◆ **Work request**: What follows is a set of records. Repeat them word for word.

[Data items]
_ _ _

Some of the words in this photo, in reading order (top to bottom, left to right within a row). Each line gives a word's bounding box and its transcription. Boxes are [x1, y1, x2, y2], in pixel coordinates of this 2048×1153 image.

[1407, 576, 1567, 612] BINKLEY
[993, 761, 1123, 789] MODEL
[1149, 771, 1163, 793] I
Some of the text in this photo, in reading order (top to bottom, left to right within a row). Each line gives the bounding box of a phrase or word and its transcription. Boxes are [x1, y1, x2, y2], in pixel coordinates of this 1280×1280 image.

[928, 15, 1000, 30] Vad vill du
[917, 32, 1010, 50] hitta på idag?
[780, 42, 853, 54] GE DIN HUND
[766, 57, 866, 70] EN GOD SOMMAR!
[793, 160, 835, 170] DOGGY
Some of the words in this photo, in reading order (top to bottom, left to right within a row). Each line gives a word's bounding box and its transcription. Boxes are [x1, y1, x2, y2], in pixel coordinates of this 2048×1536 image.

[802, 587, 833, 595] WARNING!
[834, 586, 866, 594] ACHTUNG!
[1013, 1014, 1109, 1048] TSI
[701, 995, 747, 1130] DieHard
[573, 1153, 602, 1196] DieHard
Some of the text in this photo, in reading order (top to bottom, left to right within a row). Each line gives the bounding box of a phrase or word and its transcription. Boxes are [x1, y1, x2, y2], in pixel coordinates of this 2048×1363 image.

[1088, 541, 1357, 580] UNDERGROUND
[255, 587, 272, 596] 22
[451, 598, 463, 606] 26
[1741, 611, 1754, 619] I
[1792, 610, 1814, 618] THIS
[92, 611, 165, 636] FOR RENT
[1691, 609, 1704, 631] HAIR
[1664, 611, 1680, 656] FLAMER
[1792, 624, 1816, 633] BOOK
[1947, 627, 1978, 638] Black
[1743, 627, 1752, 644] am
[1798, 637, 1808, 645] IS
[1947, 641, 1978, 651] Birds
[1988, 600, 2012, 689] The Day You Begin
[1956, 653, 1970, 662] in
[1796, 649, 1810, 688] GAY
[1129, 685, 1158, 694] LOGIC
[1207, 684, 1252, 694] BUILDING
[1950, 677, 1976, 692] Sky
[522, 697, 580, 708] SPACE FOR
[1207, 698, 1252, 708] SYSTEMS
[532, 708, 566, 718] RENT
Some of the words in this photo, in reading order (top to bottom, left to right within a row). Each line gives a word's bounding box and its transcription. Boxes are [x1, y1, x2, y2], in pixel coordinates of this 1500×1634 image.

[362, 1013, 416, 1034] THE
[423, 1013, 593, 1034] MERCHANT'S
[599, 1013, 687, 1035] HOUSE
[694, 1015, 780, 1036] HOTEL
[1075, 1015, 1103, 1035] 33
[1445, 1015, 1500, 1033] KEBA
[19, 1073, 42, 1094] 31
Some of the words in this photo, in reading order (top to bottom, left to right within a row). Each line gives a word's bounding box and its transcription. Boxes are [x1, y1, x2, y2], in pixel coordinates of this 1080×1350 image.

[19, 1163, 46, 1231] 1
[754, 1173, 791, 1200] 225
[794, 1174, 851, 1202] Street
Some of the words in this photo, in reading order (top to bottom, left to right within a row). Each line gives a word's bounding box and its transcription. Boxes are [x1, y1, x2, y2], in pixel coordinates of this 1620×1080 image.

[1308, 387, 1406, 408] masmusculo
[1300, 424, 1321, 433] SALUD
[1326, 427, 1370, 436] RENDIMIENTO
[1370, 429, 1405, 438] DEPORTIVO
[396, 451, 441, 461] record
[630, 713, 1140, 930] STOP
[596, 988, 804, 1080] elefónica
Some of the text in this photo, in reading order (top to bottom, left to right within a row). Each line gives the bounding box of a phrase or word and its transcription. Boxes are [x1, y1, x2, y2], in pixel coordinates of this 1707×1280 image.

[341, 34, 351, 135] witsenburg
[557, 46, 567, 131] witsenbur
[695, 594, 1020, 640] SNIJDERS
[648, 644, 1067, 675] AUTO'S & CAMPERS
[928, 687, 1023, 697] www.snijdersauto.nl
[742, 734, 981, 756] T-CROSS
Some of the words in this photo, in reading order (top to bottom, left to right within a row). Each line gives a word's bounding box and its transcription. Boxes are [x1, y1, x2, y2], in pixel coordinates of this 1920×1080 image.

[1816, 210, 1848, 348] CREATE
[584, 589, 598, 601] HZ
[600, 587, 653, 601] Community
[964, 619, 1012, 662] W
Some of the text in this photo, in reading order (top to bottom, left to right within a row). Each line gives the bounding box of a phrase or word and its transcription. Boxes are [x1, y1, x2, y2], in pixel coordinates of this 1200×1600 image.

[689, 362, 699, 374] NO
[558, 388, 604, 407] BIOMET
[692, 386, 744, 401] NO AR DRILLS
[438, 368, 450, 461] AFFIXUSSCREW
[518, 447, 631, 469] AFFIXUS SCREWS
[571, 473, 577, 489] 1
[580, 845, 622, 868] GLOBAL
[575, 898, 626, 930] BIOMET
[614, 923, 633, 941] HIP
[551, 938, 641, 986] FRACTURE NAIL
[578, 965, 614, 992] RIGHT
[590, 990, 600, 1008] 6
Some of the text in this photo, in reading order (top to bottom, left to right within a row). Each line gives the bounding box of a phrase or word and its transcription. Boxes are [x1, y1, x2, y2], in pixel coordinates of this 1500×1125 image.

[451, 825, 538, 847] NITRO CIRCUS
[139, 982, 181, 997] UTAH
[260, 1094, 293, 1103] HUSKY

_ _ _

◆ **Answer area**:
Some of the words in this photo, in reading order (top to bottom, left to right within a row). Each line gives a word's bounding box and its transcription. Boxes are [x1, y1, x2, y2], in pixel coordinates of this 2048×1153 image.

[1407, 576, 1567, 612] BINKLEY
[993, 761, 1123, 789] MODEL
[1149, 771, 1163, 793] I
Some of the text in this photo, in reading order (top to bottom, left to right within a row). Each line gives the bounding box of a phrase or word and its transcription. Boxes are [x1, y1, x2, y2], in pixel coordinates of this 1280×1280 image.

[928, 15, 1000, 30] Vad vill du
[917, 32, 1010, 50] hitta på idag?
[780, 42, 853, 54] GE DIN HUND
[766, 57, 866, 70] EN GOD SOMMAR!
[793, 160, 835, 170] DOGGY
Some of the words in this photo, in reading order (top to bottom, left to right within a row). Each line gives a word's bounding box and its transcription. Boxes are [x1, y1, x2, y2], in pixel coordinates of this 2048×1536 image.

[802, 587, 833, 595] WARNING!
[834, 586, 866, 594] ACHTUNG!
[1013, 1014, 1109, 1048] TSI
[701, 995, 747, 1130] DieHard
[573, 1153, 602, 1196] DieHard
Some of the text in this photo, in reading order (top to bottom, left to right within a row). Each line gives the bounding box of a phrase or word and its transcription. Boxes are [x1, y1, x2, y2], in pixel coordinates of this 2048×1363 image.

[1088, 541, 1357, 580] UNDERGROUND
[255, 587, 272, 596] 22
[451, 598, 463, 606] 26
[1741, 611, 1754, 619] I
[1792, 610, 1814, 618] THIS
[92, 611, 165, 636] FOR RENT
[1691, 609, 1704, 631] HAIR
[1664, 611, 1680, 656] FLAMER
[1792, 624, 1816, 633] BOOK
[1947, 627, 1978, 638] Black
[1743, 627, 1752, 644] am
[1798, 637, 1808, 645] IS
[1947, 641, 1978, 651] Birds
[1988, 600, 2012, 689] The Day You Begin
[1956, 653, 1970, 662] in
[1796, 649, 1810, 688] GAY
[1129, 685, 1158, 694] LOGIC
[1207, 684, 1252, 694] BUILDING
[1950, 677, 1976, 692] Sky
[522, 697, 580, 708] SPACE FOR
[1207, 698, 1252, 708] SYSTEMS
[532, 708, 566, 718] RENT
Some of the words in this photo, in reading order (top to bottom, left to right within a row). Each line gives a word's bounding box and its transcription. Boxes are [x1, y1, x2, y2], in pixel coordinates of this 1500×1634 image.

[362, 1013, 416, 1034] THE
[423, 1013, 593, 1034] MERCHANT'S
[599, 1013, 687, 1035] HOUSE
[694, 1015, 780, 1036] HOTEL
[1075, 1015, 1103, 1035] 33
[1445, 1015, 1500, 1033] KEBA
[19, 1073, 42, 1094] 31
Some of the words in this photo, in reading order (top to bottom, left to right within a row). Each line gives a word's bounding box and its transcription. Boxes are [x1, y1, x2, y2], in pixel coordinates of this 1080×1350 image.

[19, 1163, 46, 1231] 1
[754, 1173, 791, 1200] 225
[794, 1174, 851, 1202] Street
Some of the words in this photo, in reading order (top to bottom, left to right within a row). Each line gives a word's bounding box and its transcription. Boxes are [x1, y1, x2, y2], in pixel coordinates of this 1620×1080 image.

[1308, 387, 1406, 408] masmusculo
[1300, 424, 1321, 433] SALUD
[1326, 427, 1370, 436] RENDIMIENTO
[1370, 429, 1405, 438] DEPORTIVO
[396, 451, 441, 461] record
[630, 713, 1140, 930] STOP
[596, 988, 804, 1080] elefónica
Some of the text in this photo, in reading order (top to bottom, left to right within a row). Each line gives the bounding box of a phrase or word and its transcription. Boxes are [x1, y1, x2, y2], in pixel coordinates of this 1707×1280 image.

[341, 34, 351, 135] witsenburg
[557, 46, 567, 131] witsenbur
[695, 594, 1020, 640] SNIJDERS
[648, 644, 1067, 675] AUTO'S & CAMPERS
[928, 687, 1023, 697] www.snijdersauto.nl
[742, 734, 981, 756] T-CROSS
Some of the words in this photo, in reading order (top to bottom, left to right within a row). Each line gives a word's bounding box and its transcription. Boxes are [x1, y1, x2, y2], in pixel coordinates of this 1920×1080 image.

[1816, 210, 1848, 348] CREATE
[584, 589, 598, 601] HZ
[600, 587, 653, 601] Community
[964, 619, 1012, 662] W
Some of the text in this photo, in reading order (top to bottom, left to right within a row). Each line gives the bounding box of a phrase or word and its transcription. Boxes are [x1, y1, x2, y2], in pixel coordinates of this 1200×1600 image.

[689, 362, 699, 374] NO
[558, 388, 604, 407] BIOMET
[692, 386, 744, 401] NO AR DRILLS
[438, 368, 450, 461] AFFIXUSSCREW
[518, 447, 631, 469] AFFIXUS SCREWS
[571, 473, 577, 489] 1
[580, 845, 622, 868] GLOBAL
[575, 898, 626, 930] BIOMET
[614, 923, 633, 941] HIP
[551, 938, 641, 986] FRACTURE NAIL
[578, 965, 614, 992] RIGHT
[590, 990, 600, 1008] 6
Some of the text in this photo, in reading order (top to bottom, left to right within a row). Each line gives the bounding box of a phrase or word and its transcription. Boxes are [x1, y1, x2, y2], in pixel coordinates of this 1500×1125 image.

[451, 825, 538, 847] NITRO CIRCUS
[139, 982, 181, 997] UTAH
[260, 1094, 293, 1103] HUSKY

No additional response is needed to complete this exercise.